What should it print if it is not defined?

You can check if it is defined before you try to print it

if(isset($abc))
{
    echo $abc;
}

You can also suppress the error by appending an @ sign in front of the line

@echo $abc;

But that is not recommended and can be slower.

to remove notice and warning write

error_reporting(E_ALL ^ E_NOTICE); at the top of the page

The variable is indeed not defined. What exactly would you like to happen?

If you don't want to see the error, then define it.

<?php
$abc = '';
echo $abc;
?>

Well, the answer is to fix the code so you aren't accessing variables that have not been defined. If you need to prevent it from printing errors which is not the correct solution (*), then you can switch off notices in your error reporting:

error_reporting(E_ALL ^ E_NOTICE);

The correct solution is to fix the code.

Check if it exists before echoing it

if( isset($abc) ) { echo $abc }

you could of course also just check if the variable exists.

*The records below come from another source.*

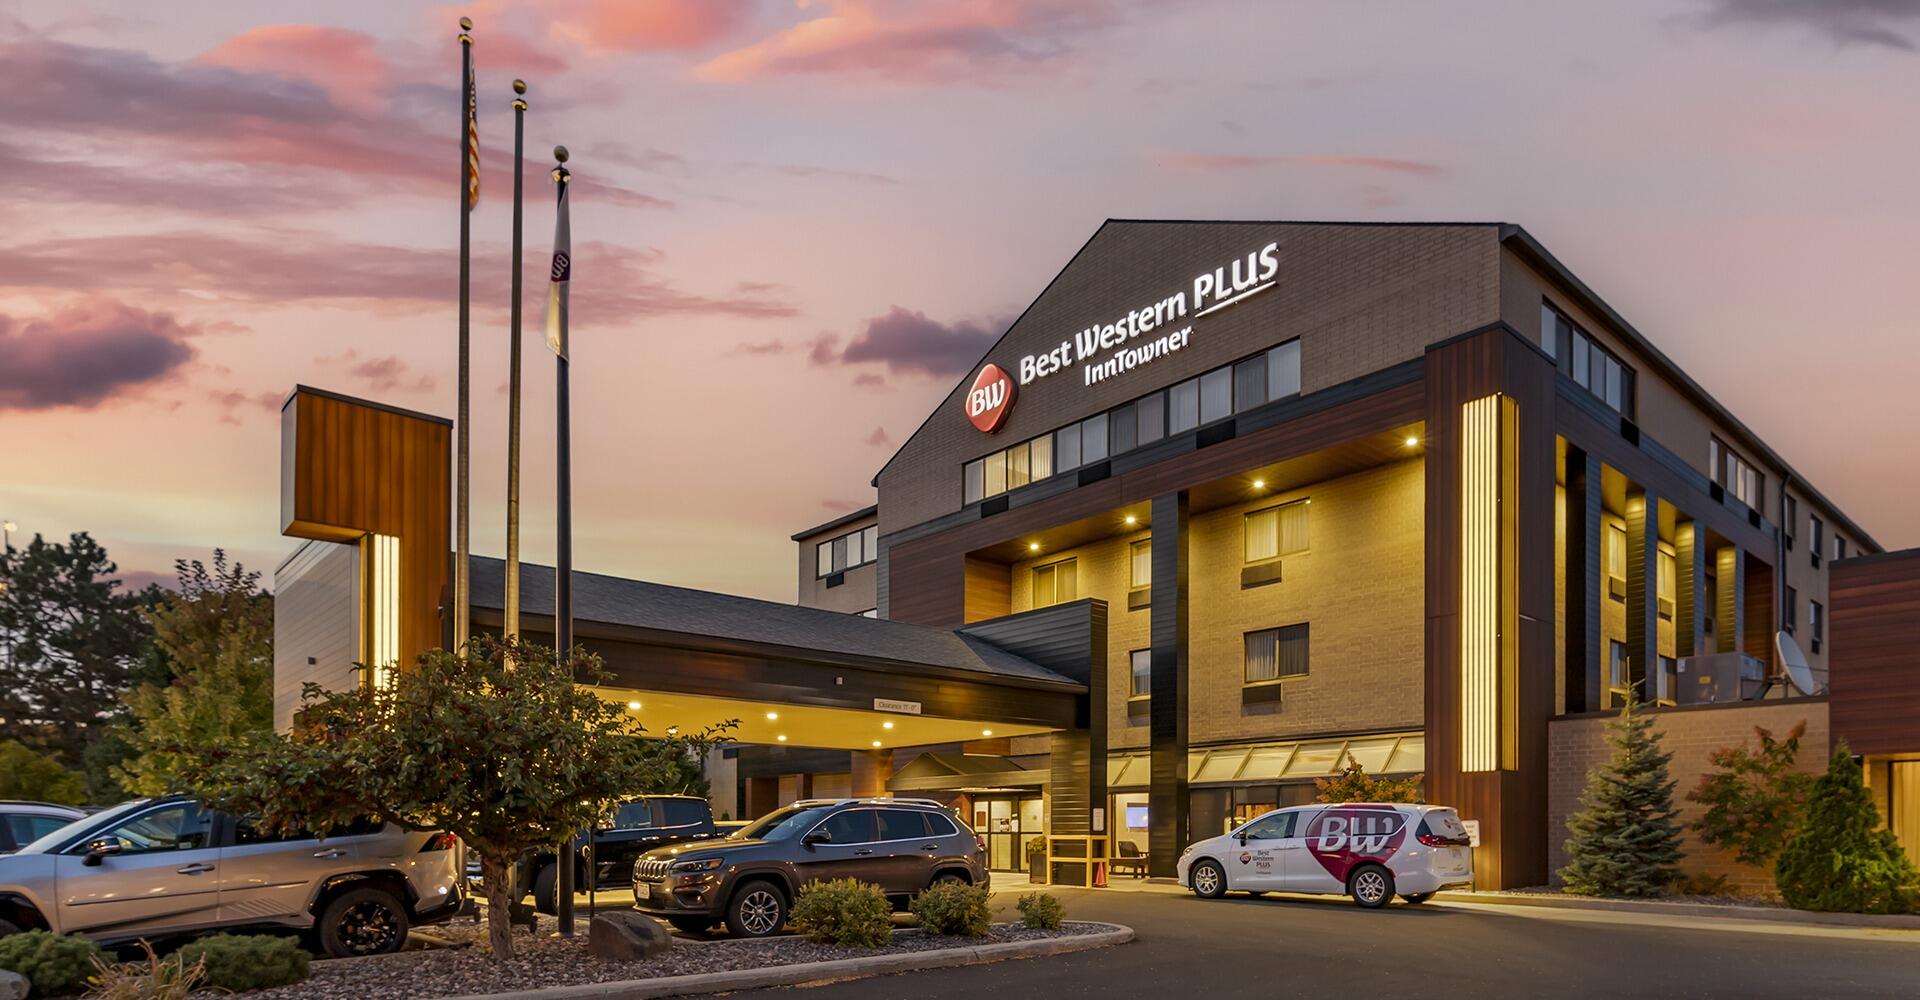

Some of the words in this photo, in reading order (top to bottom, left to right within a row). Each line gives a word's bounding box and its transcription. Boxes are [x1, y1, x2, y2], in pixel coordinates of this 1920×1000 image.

[1020, 340, 1072, 385] Best
[1075, 291, 1187, 361] Western
[1194, 242, 1278, 309] PLUS
[1084, 326, 1193, 387] InnTowner
[971, 379, 1005, 417] BW
[1317, 816, 1393, 853] BW

<?php if (isset($myvar)) echo $myvar; ?>

cu Roman

You could also suppress the warning on the echo command. Disabling warnings in general is dangerous.

<?php
    @echo $abc;
?>

One of the earliest principle you learn in programming is to declare your variables. Therefore, to fix this error, declare your variables.

However, it may happen in multiple cases that you don't know if the variable has been defined or not, but still want to avoid the error.

In those cases, check for its existence first:

// print $abc if set, or print an empty string/nothing
echo isset($abc) ? $abc : '';
isset($abc) && print $abc;
if (isset($abc)) echo $abc;

The three lines above will give the exact same result one another.